**Exercise objective**
When you repeat the entries, reproduce each line exactly and omit every picture.

[[ Input data open ]]

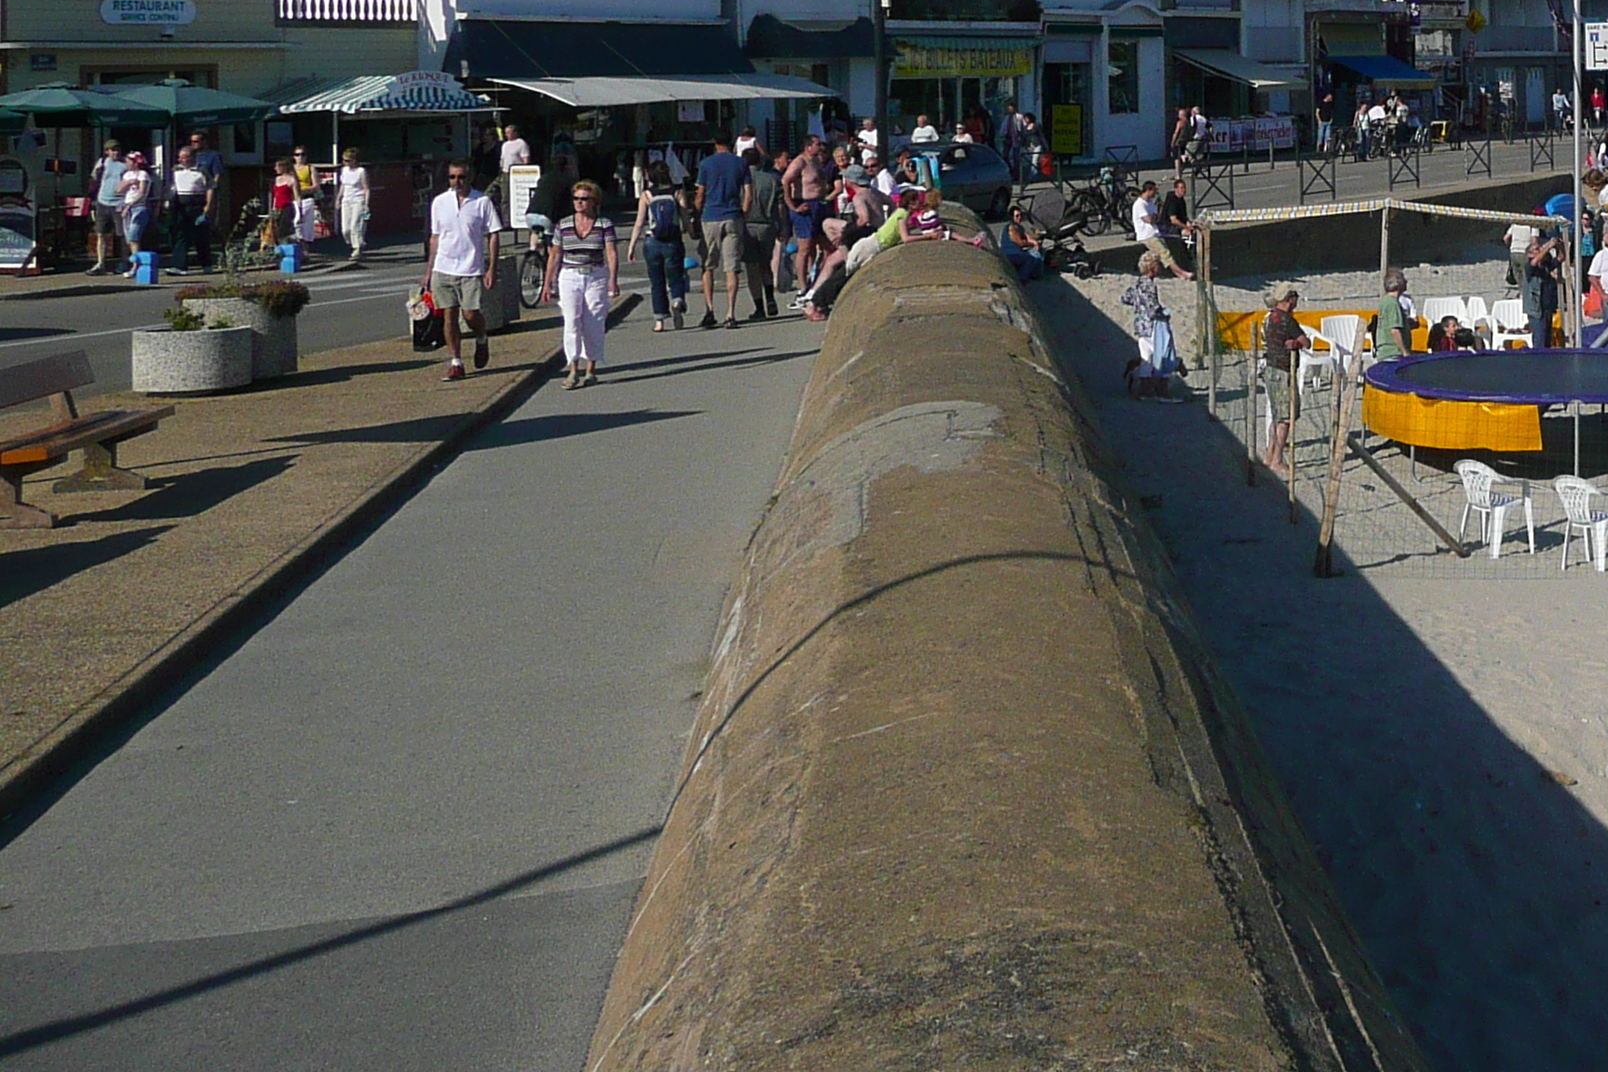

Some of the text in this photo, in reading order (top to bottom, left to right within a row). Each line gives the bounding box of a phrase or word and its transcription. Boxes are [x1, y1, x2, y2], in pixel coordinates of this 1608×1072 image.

[112, 0, 186, 12] RESTAURANT
[120, 13, 180, 22] SERVICE CONTINU
[925, 49, 966, 70] BILLETS
[970, 49, 1016, 70] BATEAUX

[[ Input data closed ]]

**Output for this exercise**
Some of the text in this photo, in reading order (top to bottom, left to right within a row). Each line gives the bounding box of a phrase or word and its transcription. Boxes are [x1, y1, x2, y2], in pixel coordinates of this 1608×1072 image.

[112, 0, 186, 12] RESTAURANT
[120, 13, 180, 22] SERVICE CONTINU
[925, 49, 966, 70] BILLETS
[970, 49, 1016, 70] BATEAUX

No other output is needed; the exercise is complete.